A catalytic route to dibenzodiazepines involving Buchwald–Hartwig coupling: reaction scope and mechanistic consideration

Abstract

We report a new synthetic method for the synthesis of a family of dibenzodiazepines (DBDAs), employing Pd-catalyzed C–N coupling of o-bromoaldimine, with o-bromoaniline as the key step. Eleven DBDAs were prepared, containing electron-withdrawing groups (CN, F, NO₂) and electron-donating groups (OMe). The reaction conditions were optimized (catalyst, phosphine, base and solvent) and best results were obtained with Pd(OAc)₂, SPhos, Cs₂CO₃ in THF. Due to the ambiguity of the mechanism at hand, various mechanistic studies were performed, that included DFT calculations.
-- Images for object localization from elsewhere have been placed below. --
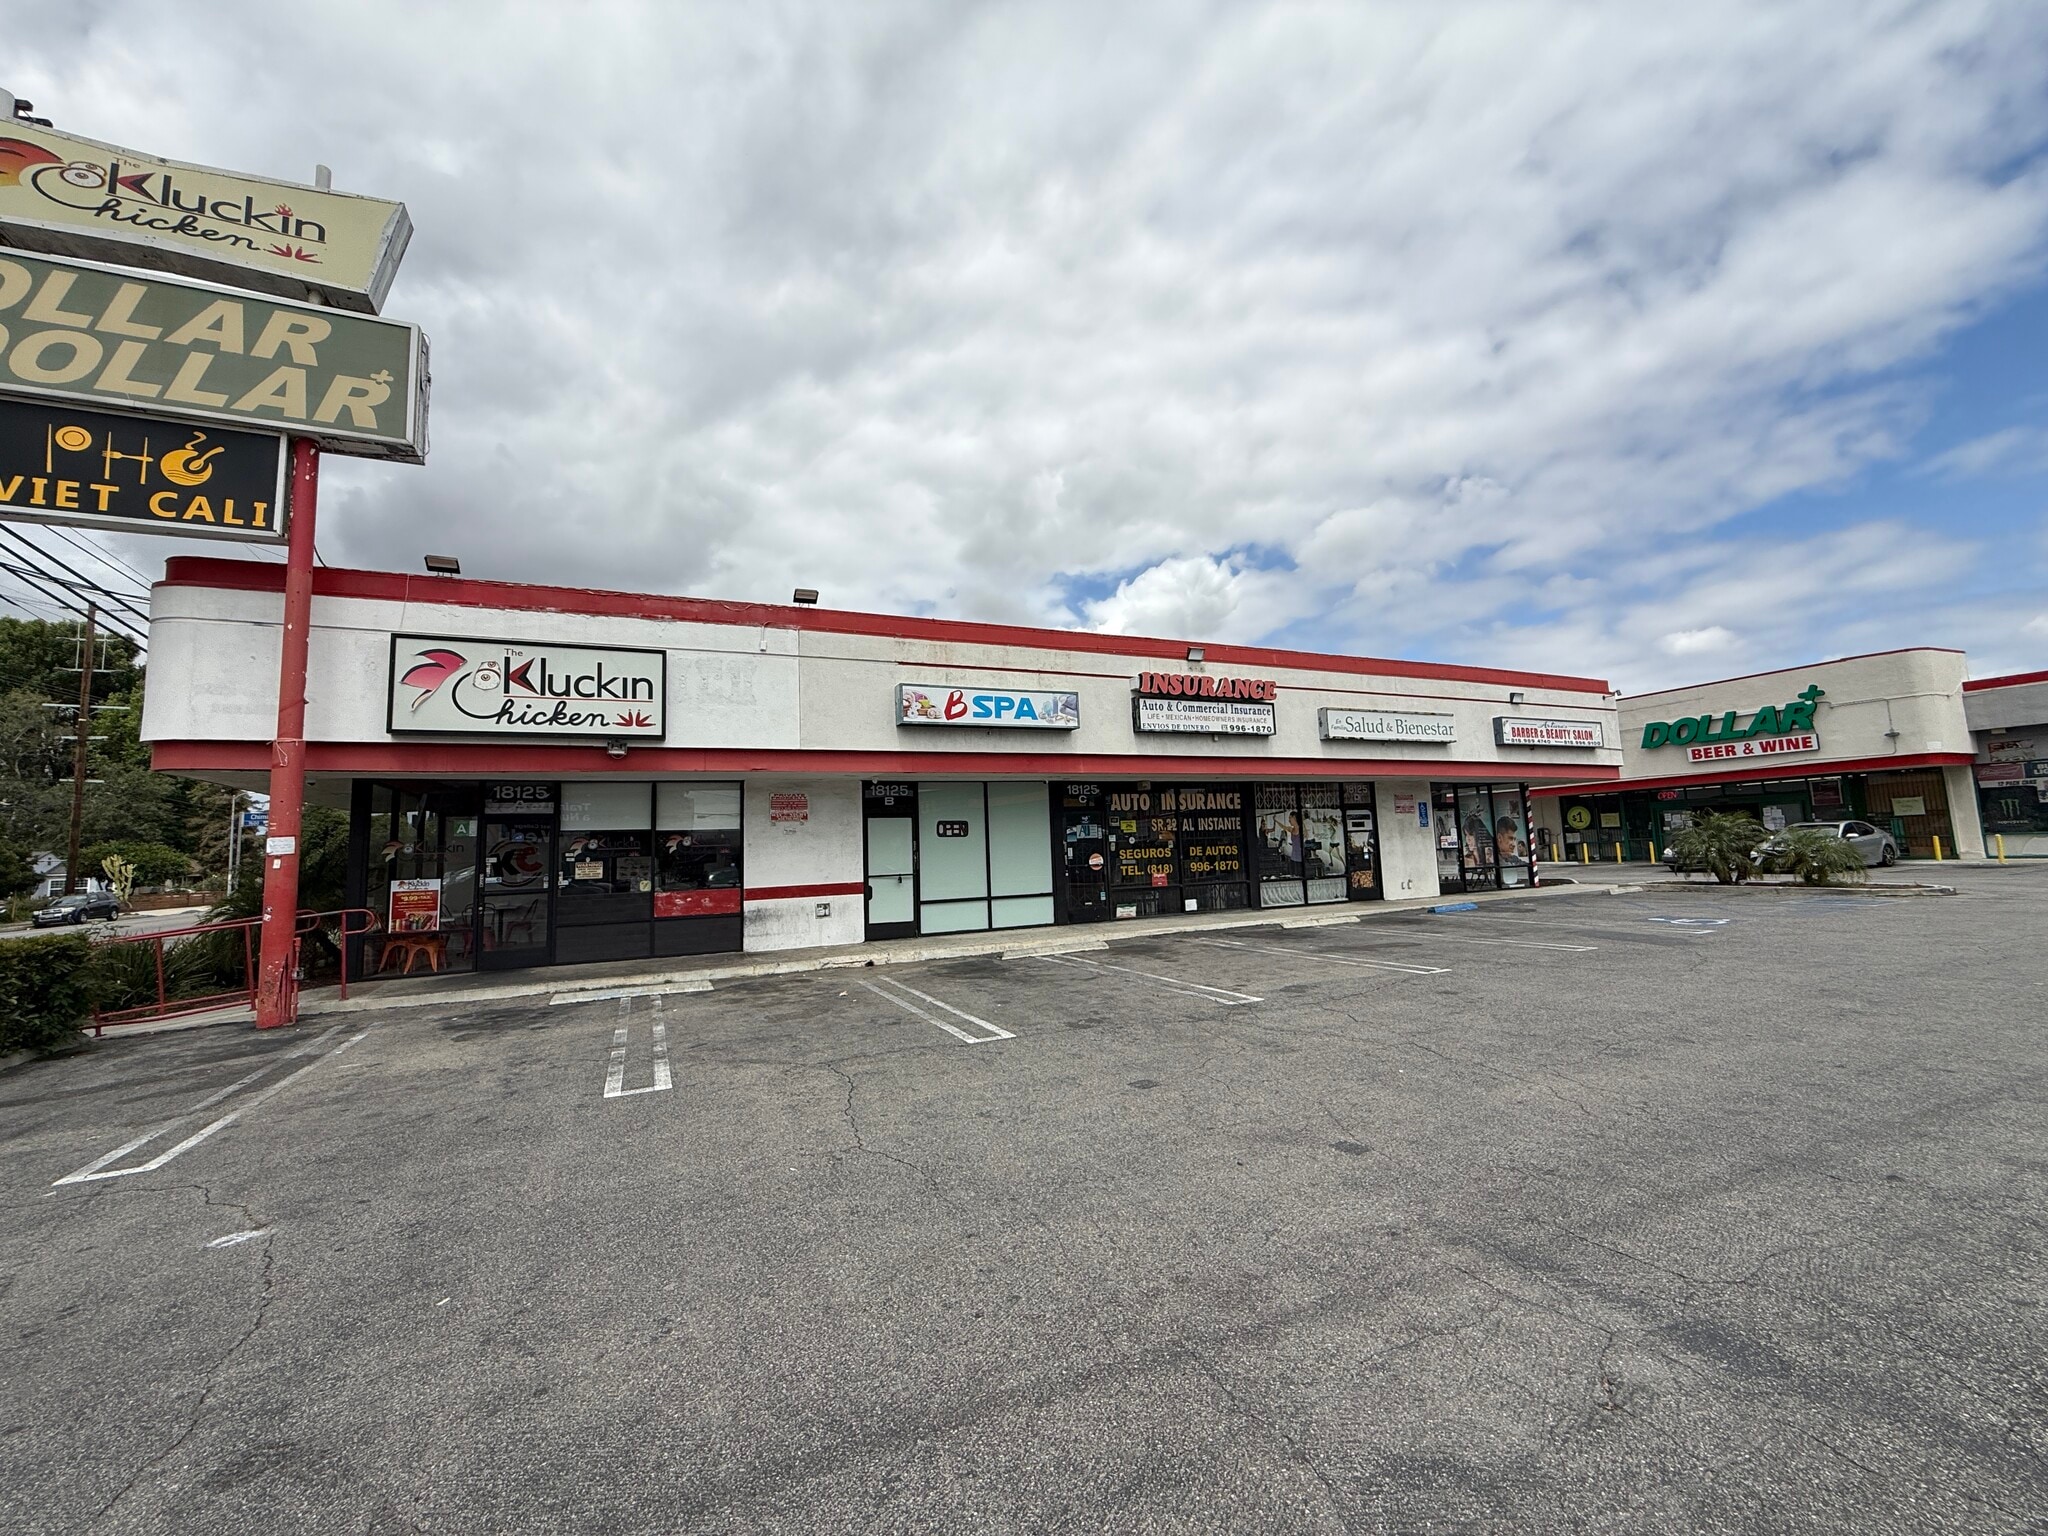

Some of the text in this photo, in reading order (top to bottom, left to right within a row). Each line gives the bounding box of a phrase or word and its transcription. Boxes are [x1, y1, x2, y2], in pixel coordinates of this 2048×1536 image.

[114, 157, 141, 170] The
[31, 166, 260, 251] Chicken
[107, 163, 328, 244] Kluckin
[0, 322, 392, 430] OLLAR
[149, 491, 268, 528] CALI
[504, 648, 523, 657] The
[503, 656, 653, 699] Kluckin
[1139, 672, 1277, 700] INSURANCE
[452, 671, 610, 727] Chicken
[944, 689, 1038, 721] B SPA
[1141, 700, 1271, 716] Auto & Commercial Insurance
[1195, 715, 1235, 723] HOMEOWNERS
[1236, 716, 1267, 724] INSURANCE
[1345, 715, 1454, 736] Salud & Bienestar
[1640, 699, 1818, 749] DOLLAR
[1229, 725, 1272, 733] 996-1870
[1511, 727, 1594, 741] BARBER & BEAUTY SALON
[1691, 736, 1814, 760] BEER & WINE
[493, 785, 549, 799] 18125
[870, 785, 909, 796] 18125
[1067, 784, 1099, 795] 18125
[1346, 784, 1368, 793] 18125
[1657, 791, 1678, 800] OPEN
[884, 797, 895, 806] B
[1078, 795, 1087, 804] C
[1110, 793, 1150, 811] AUTO
[1182, 819, 1194, 831] AL
[1198, 817, 1241, 831] INSTANTE
[1571, 811, 1584, 823] $1
[456, 824, 467, 833] A
[1119, 845, 1238, 860] SEGUROS DE AUTOS
[1120, 860, 1239, 876] TEL. (818) 996-1870
The oxidative addition process was studied in detail by DFT, and these studies supported the observed reaction regioselectivity. The adducts formed between the aldimine and the Pd(0) catalyst were calculated to be more stable than the ones formed with the amine, and the barrier for the oxidative addition at the C–Br bond of the aldimine was calculated to be lower than the one at the C–Br bond of the aryl amine. The formation of DBDA over the dibenzoaminopiperidine has been explained in the final cyclization step.